Belle, a very pregnant Asian elephant, was in the throes of labor, thrashing wildly, bawling in pain and ramming her mass against the walls of her enclosure as caretakers looked on. She calmed briefly, but by 5:56 a.m., she became agitated again. At 5:58, 225 pounds of Packy, a pachyderm whose celebrity preceded even his birth, slid into the world.

And today, Feb. 9, 2017, he slid out of it, euthanized by veterinarians at the zoo where he was born 54 years earlier after a long bout with recurring tuberculosis.

“We loved Packy so much,” said Bob Lee, senior elephant keeper who worked with Packy for the past 17 years. “He was my favorite — the most impressive animal I’ve ever known.
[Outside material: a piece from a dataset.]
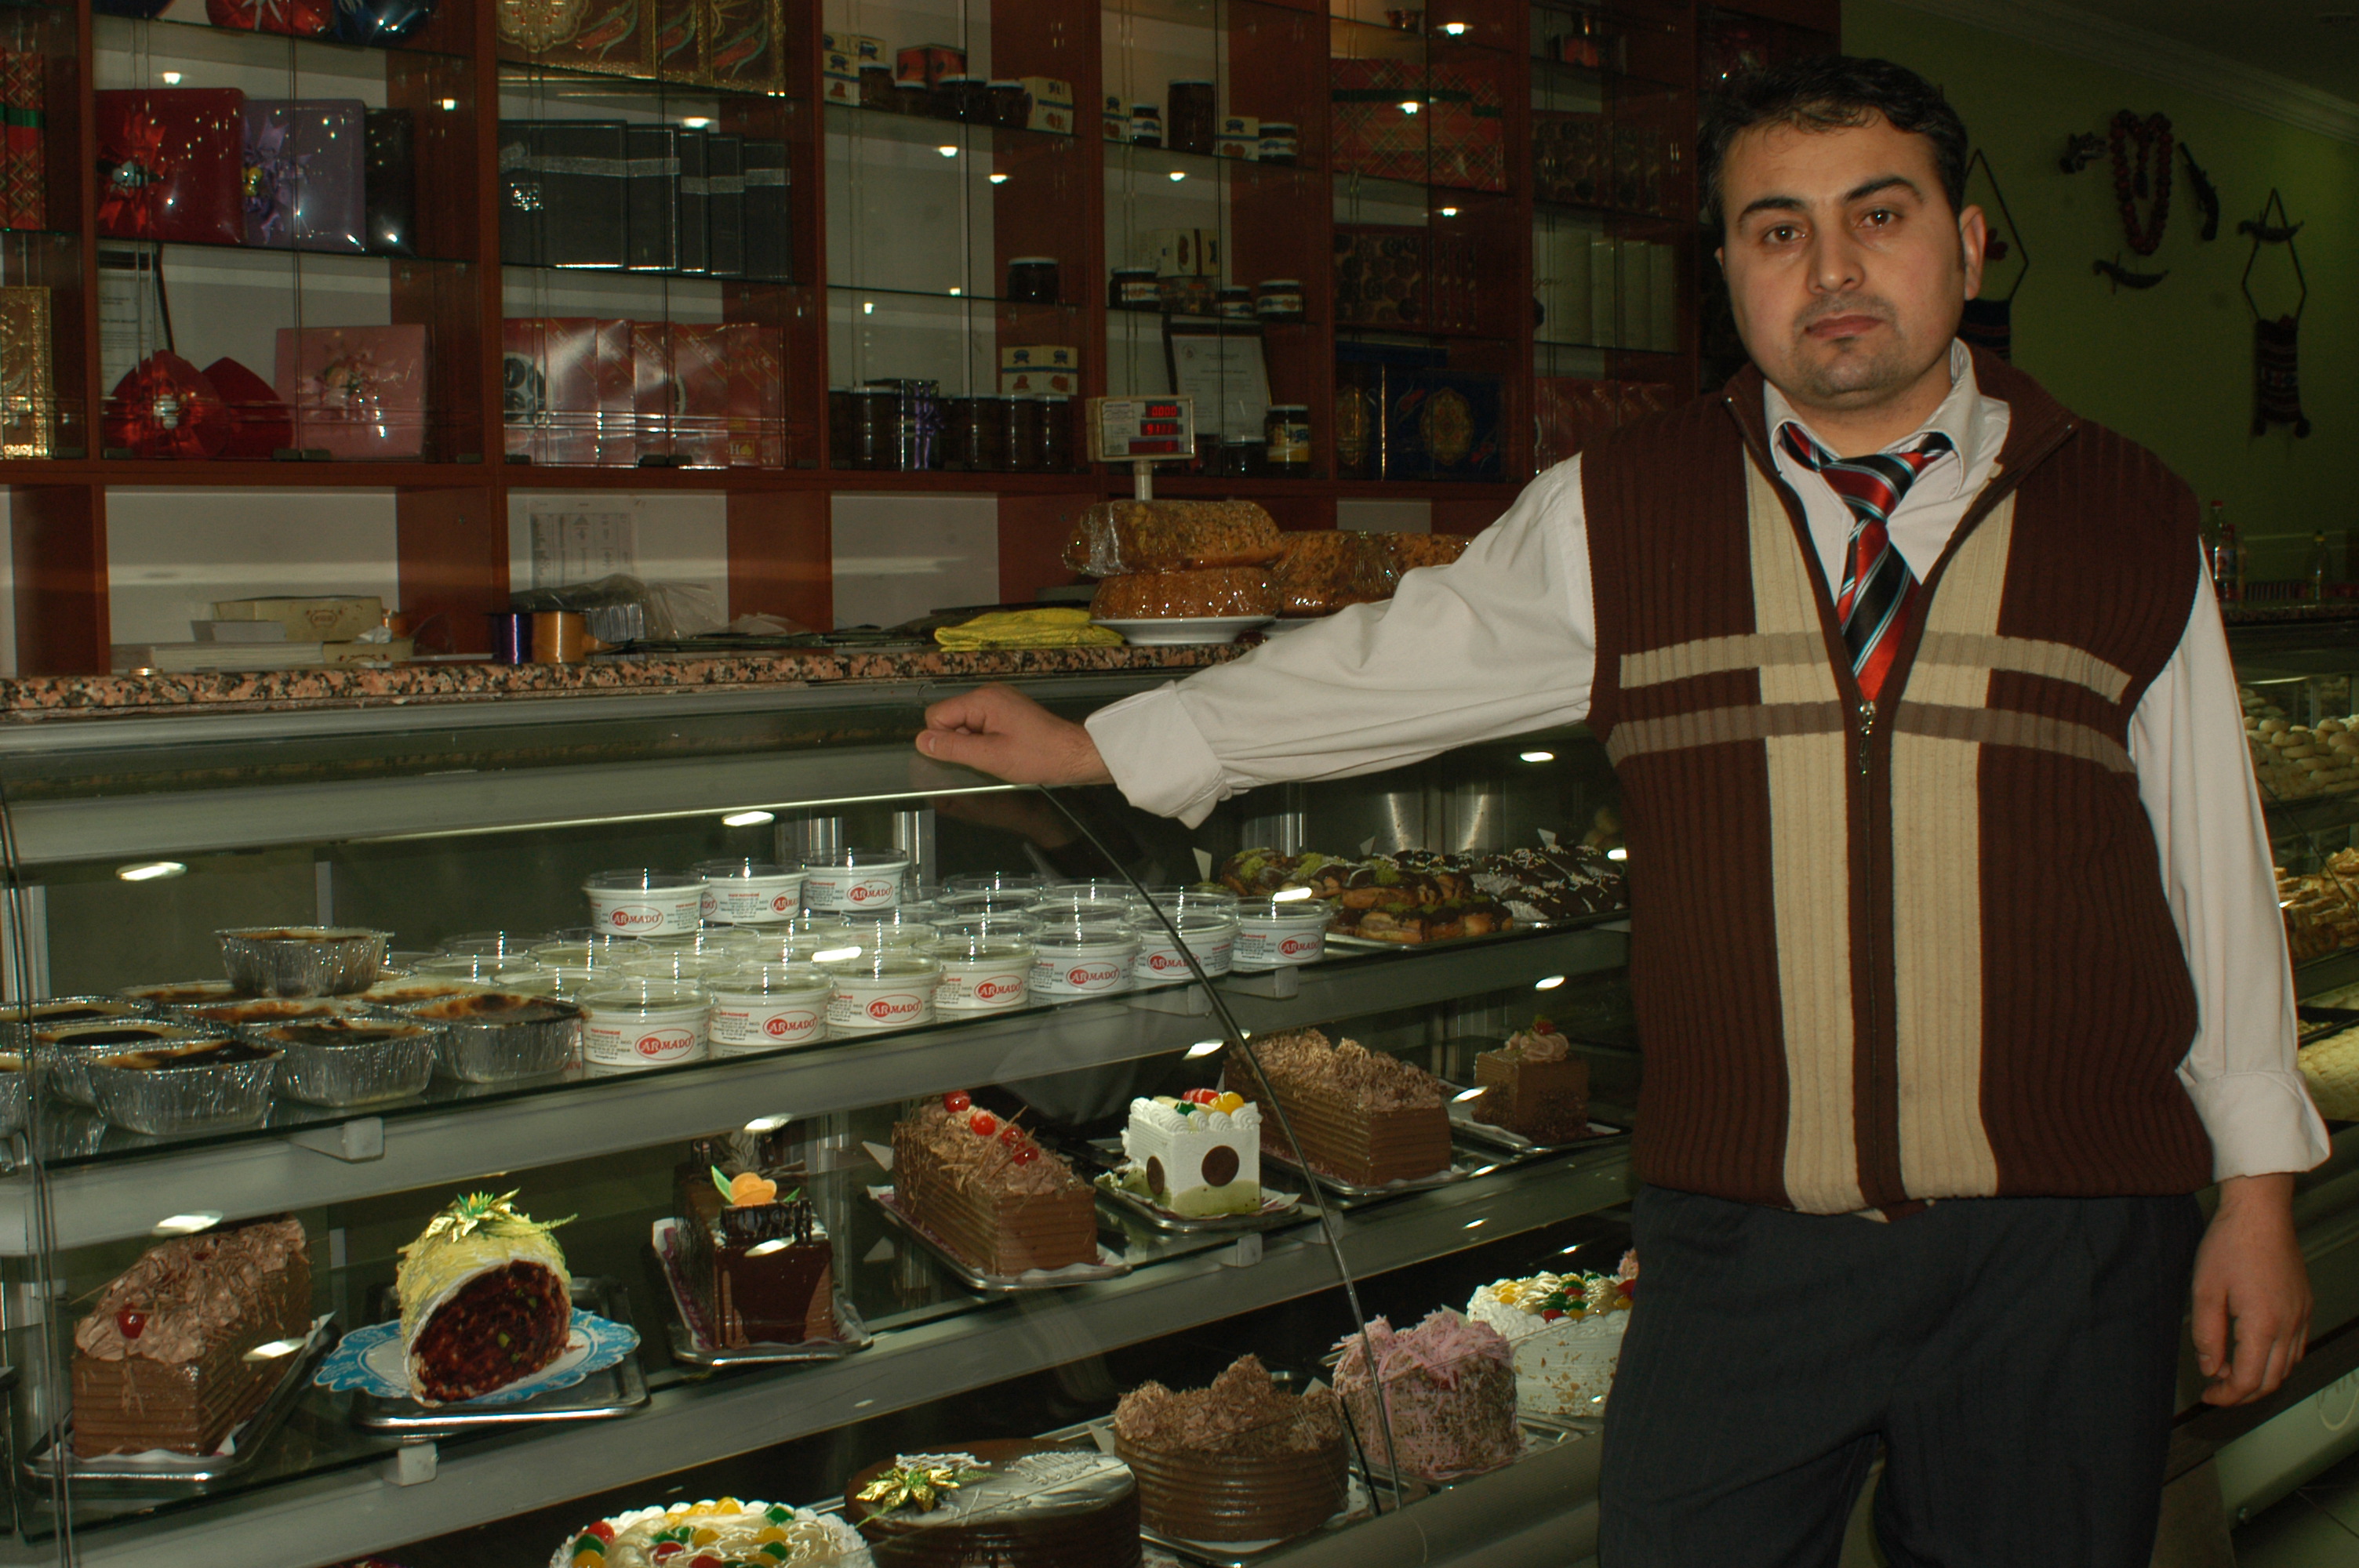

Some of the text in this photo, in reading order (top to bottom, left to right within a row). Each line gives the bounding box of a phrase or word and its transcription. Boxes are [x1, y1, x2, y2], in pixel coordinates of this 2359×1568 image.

It’s hard to think about coming in to work tomorrow and not seeing him. There will never be another like him.”

At 54 years old, Packy was thought to be the oldest captive pachyderm in North America at the time of his death and one of the oldest anywhere on the planet.

Packy the Oregon Zoo elephant dies at 54 (historical footage)

On July 19, 1960, Belle and Thonglaw, Packy’s parental pachyderms, did what elephants do when they love each other and set Packy on the path to stardom. An elephant hadn’t been born in captivity in the United States for 44 years, and the hubbub that surrounded Belle’s pregnancy was nothing short of cacophonous.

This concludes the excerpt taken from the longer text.